KOTA BANDUNG (Aswajanews.id) – Pemda Provinsi Jawa Barat menargetkan Indeks Kualitas Air (IKA) di Daerah Aliran Sungai (DAS) Citarum akan menembus skor 60 poin pada Desember 2025. Hal itu dikatakan Sekretaris Daerah Provinsi Jabar Herman Suryatman saat meninjau kondisi Sub DAS Citepus di Kelurahan Cibadak, Kecamatan Astanyaanyar, Kota Bandung, Minggu (9/6/2024).
“Sekarang akan mengoptimalkan kembali yang sudah baik. Kita ketahui sebelumnya Citarum ini pada kisaran skor 30 poin (cemar berat), sekarang posisi terakhir ada di skor 50,78 poin (cemar ringan),” kata Herman.
Ia menjelaskan, saat ini yang menjadi titik fokus, yakni menghapuskan budaya masyarakat membuang sampah di aliran sungai serta mengedukasi untuk mengelola sampah dari rumah.
“Tentu bukan hanya struktural, tapi titik beratnya bagaimana kulturalnya (budaya), sejauh mana partisipasi masyarakat, RT, RW, kepala desa, camat, dan Forkopimcam bahu-membahu agar IKA Citarum menembus skor 60 poin,” ujarnya.
Herman merencanakan berkeliling ke seluruh cakupan DAS Citarum di 13 kabupaten/kota di Jabar untuk meninjau dan mendorong sekda kabupaten/kota ikut berpartipasi dalam upaya menaikkan skor IKA ke angka 60.
“Kita sasar mulai dari hulu, tengah sampai hilir, dan sektor ada 23. Saya kira sudah luar biasa bekerja, nanti akan adu manis dengan partisipasi masyarakat,” ucapnya.
“Kita akan gerakkan juga para sekda (kabupaten/kota) untuk bahu-membahu, memastikan dalam satu setengah tahun, Citarum ada perubahan lebih signifikan,” katanya.
Selain itu, Herman juga mengajak masyarakat untuk melakukan Zero Food Waste, masalah sampah rumah tangga (organik) dapat dikelola langsung dari rumah menggunakan maggot dan lubang biopori.
“Kita awali dari sana, tidak ada sampah makanan (organik) dibuang ke TPS. Sampah organik ini ditahan di rumah dan dikelola.

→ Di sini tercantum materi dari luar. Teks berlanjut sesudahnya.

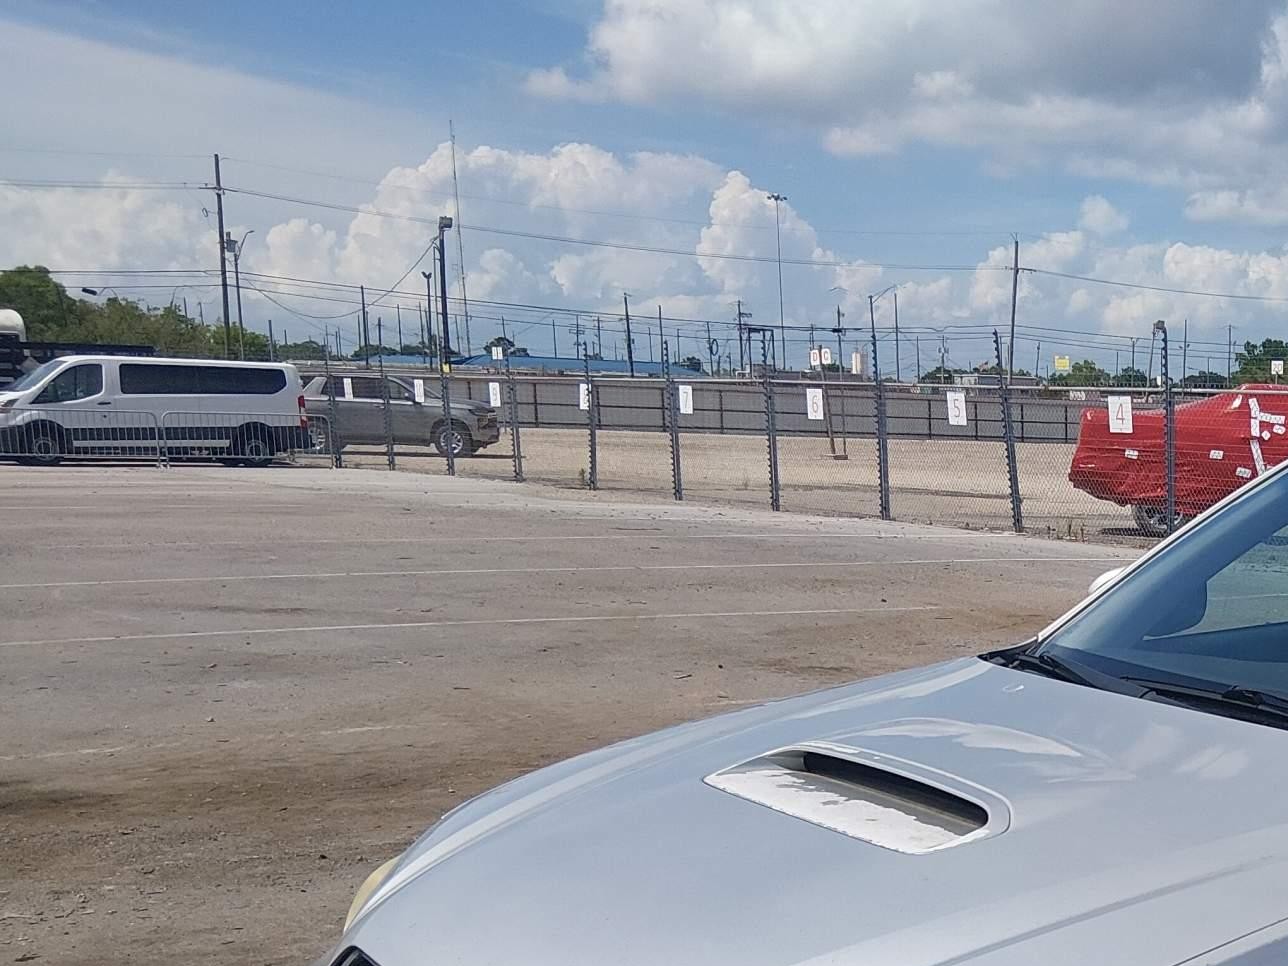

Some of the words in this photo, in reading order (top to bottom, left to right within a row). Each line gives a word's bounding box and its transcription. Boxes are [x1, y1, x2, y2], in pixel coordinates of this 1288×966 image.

[682, 391, 689, 409] 7
[811, 394, 819, 414] 6
[953, 400, 961, 418] 5
[1115, 403, 1126, 426] 4
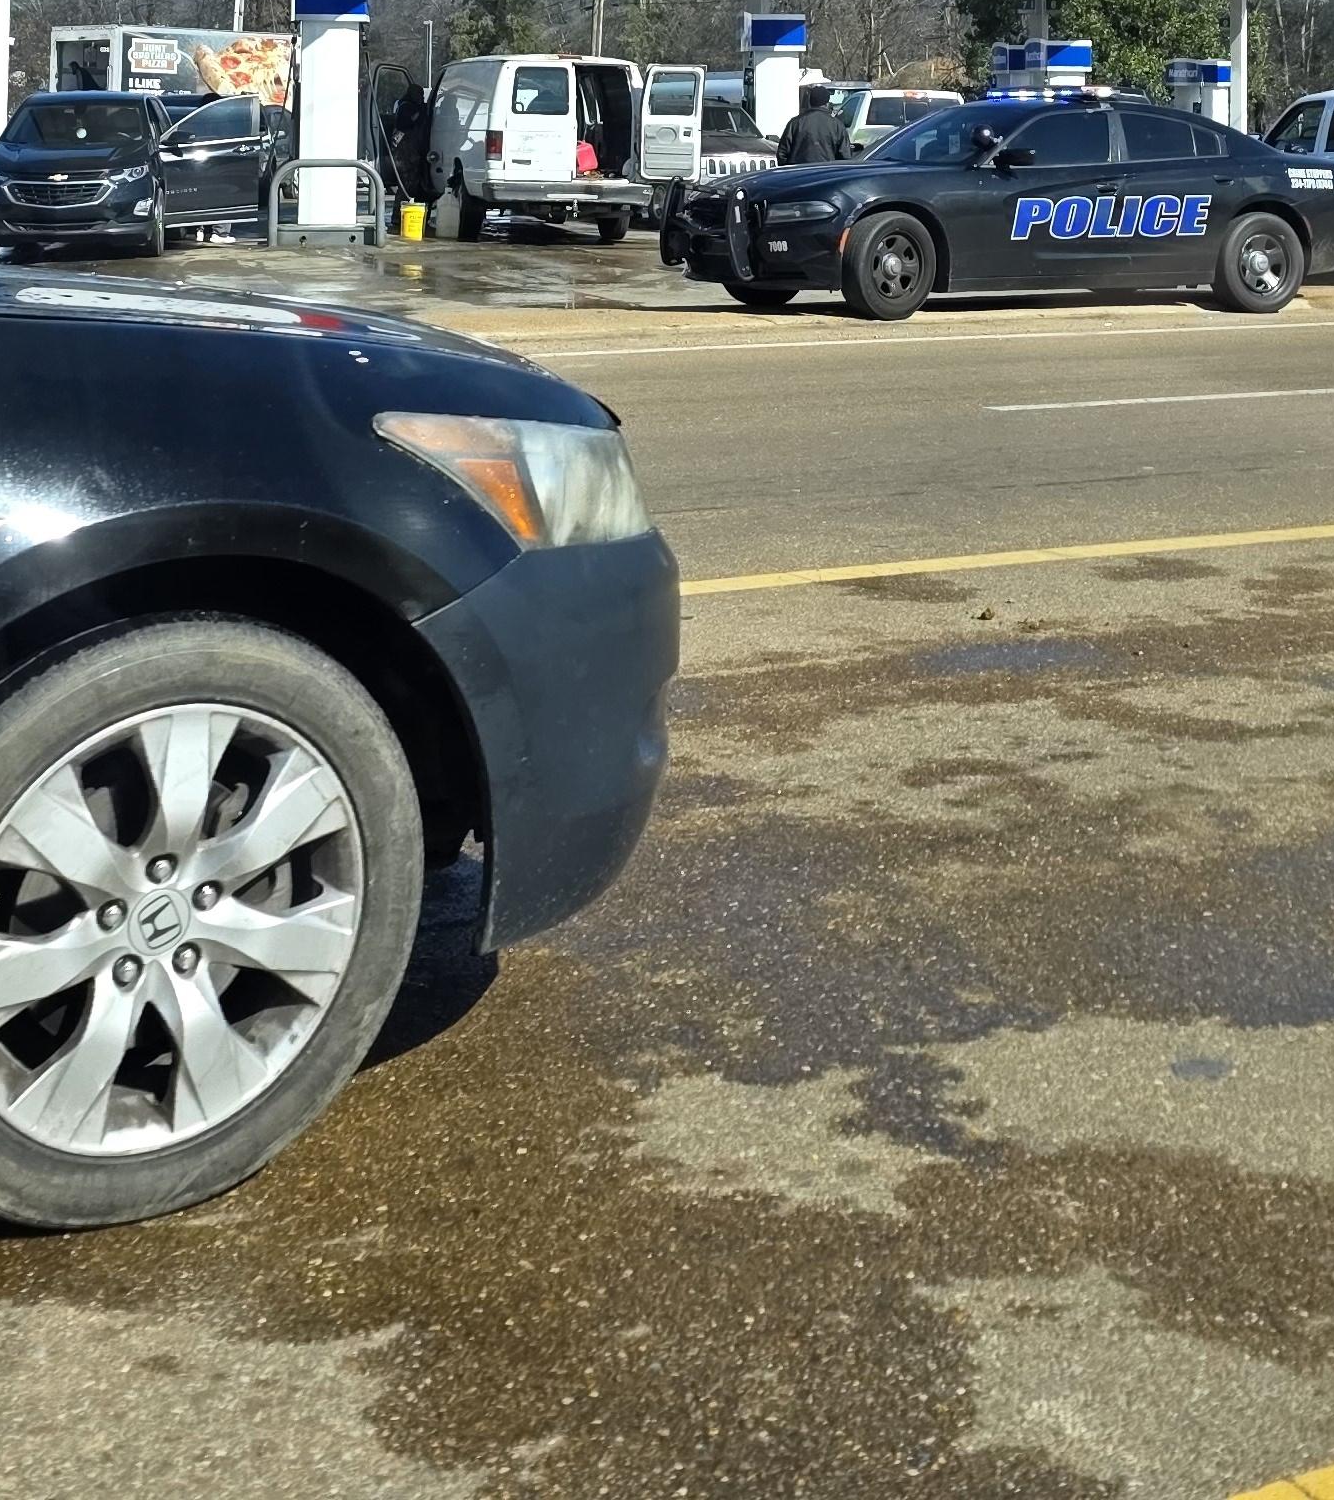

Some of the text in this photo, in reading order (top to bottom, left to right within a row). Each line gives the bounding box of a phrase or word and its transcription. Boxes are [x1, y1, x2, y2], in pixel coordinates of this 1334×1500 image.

[142, 44, 167, 52] HUNT
[142, 59, 167, 68] PIZZA
[135, 78, 162, 89] LIKE
[1011, 195, 1212, 240] POLICE
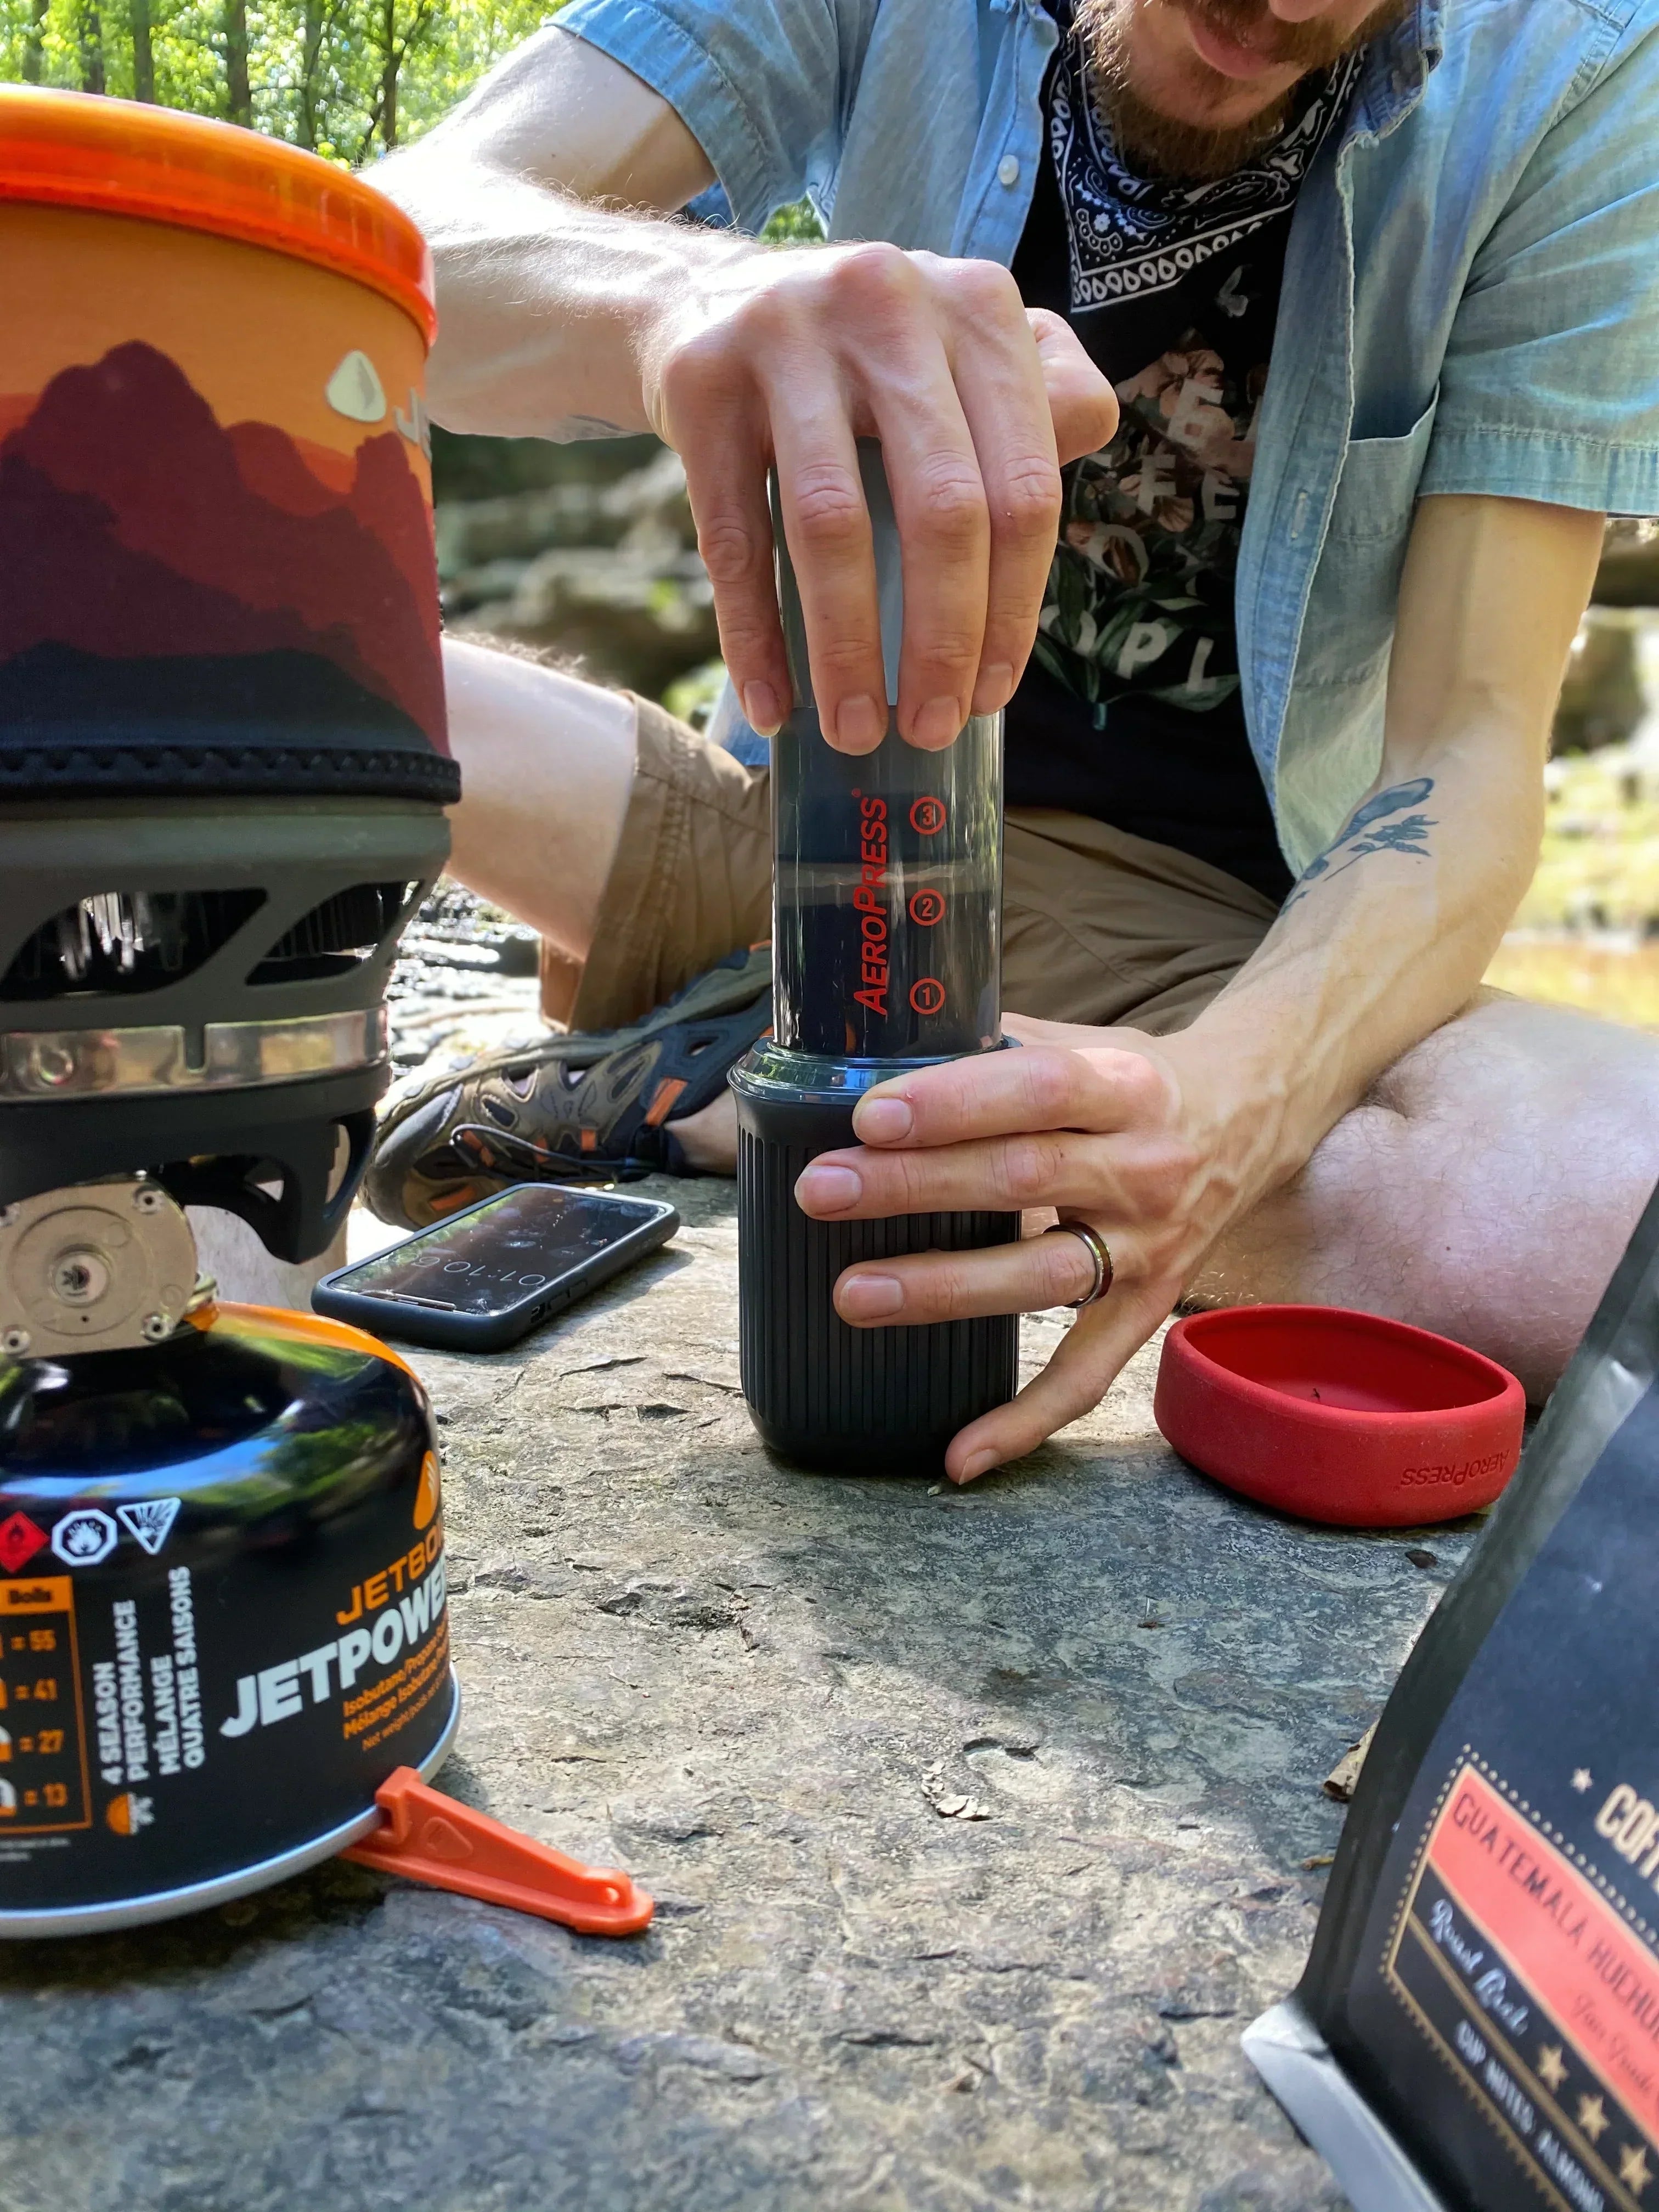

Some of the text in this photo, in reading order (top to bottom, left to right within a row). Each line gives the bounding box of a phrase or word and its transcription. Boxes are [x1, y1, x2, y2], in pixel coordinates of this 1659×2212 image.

[92, 1661, 124, 1785] 4 SEASON
[112, 1599, 150, 1783] PERFORMANCE
[150, 1655, 182, 1776] MÉLANGE
[168, 1566, 205, 1769] QUATRE SAISONS
[38, 1729, 65, 1754] 27
[43, 1782, 69, 1807] 13
[1453, 1792, 1589, 1950] GUATEMALA

Jika itu bisa dilakukan, beban sampah akan berkurang 40 persen,” jelas Herman.
“Biarkan sampah anorganik yang ada di TPS nanti akan berakhir di TPA Sarimukti (untuk dikelola),” ujarnya.
Herman menambahkan, sampah sisa makanan dapat dikelola dengan memanfaatkan maggot sebagai sarana pengurai sampah organik.
Ia berkomitmen akan mengaktifkan kembali di setiap kelurahan di Kota Bandung budi daya manggot dengan larva dari jenis lalat Black Soldier Fly (BSF).
Budi daya maggot metode BSF ini diupayakan agar dapat dikelola oleh RT dan RW dalam upaya pengelolaan sampah organik.
“Jika tetap ada sampah (organik), itu bisa dimanfaatkan untuk maggot. Jadi tiap kelurahan, kami sudah komitmen agar tempat maggot -nya jalan semua. Nanti melalui RT dan RW, makanan sisa bisa digeser ke maggot,” ungkapnya.
Herman menuturkan, kesadaran masyarakat terkait pengolaan sampah menjadi yang utama. Ia menyebut, edukasi masyarakat menjadi prioritas.
“Tentu yang pertama perlu sadar dulu, harus diedukasi tidak ada sampah makanan. Jika ada sisa itu dikelola dengan baik dan berakhir di maggot, ini masalah perilaku,” tutupnya. (*)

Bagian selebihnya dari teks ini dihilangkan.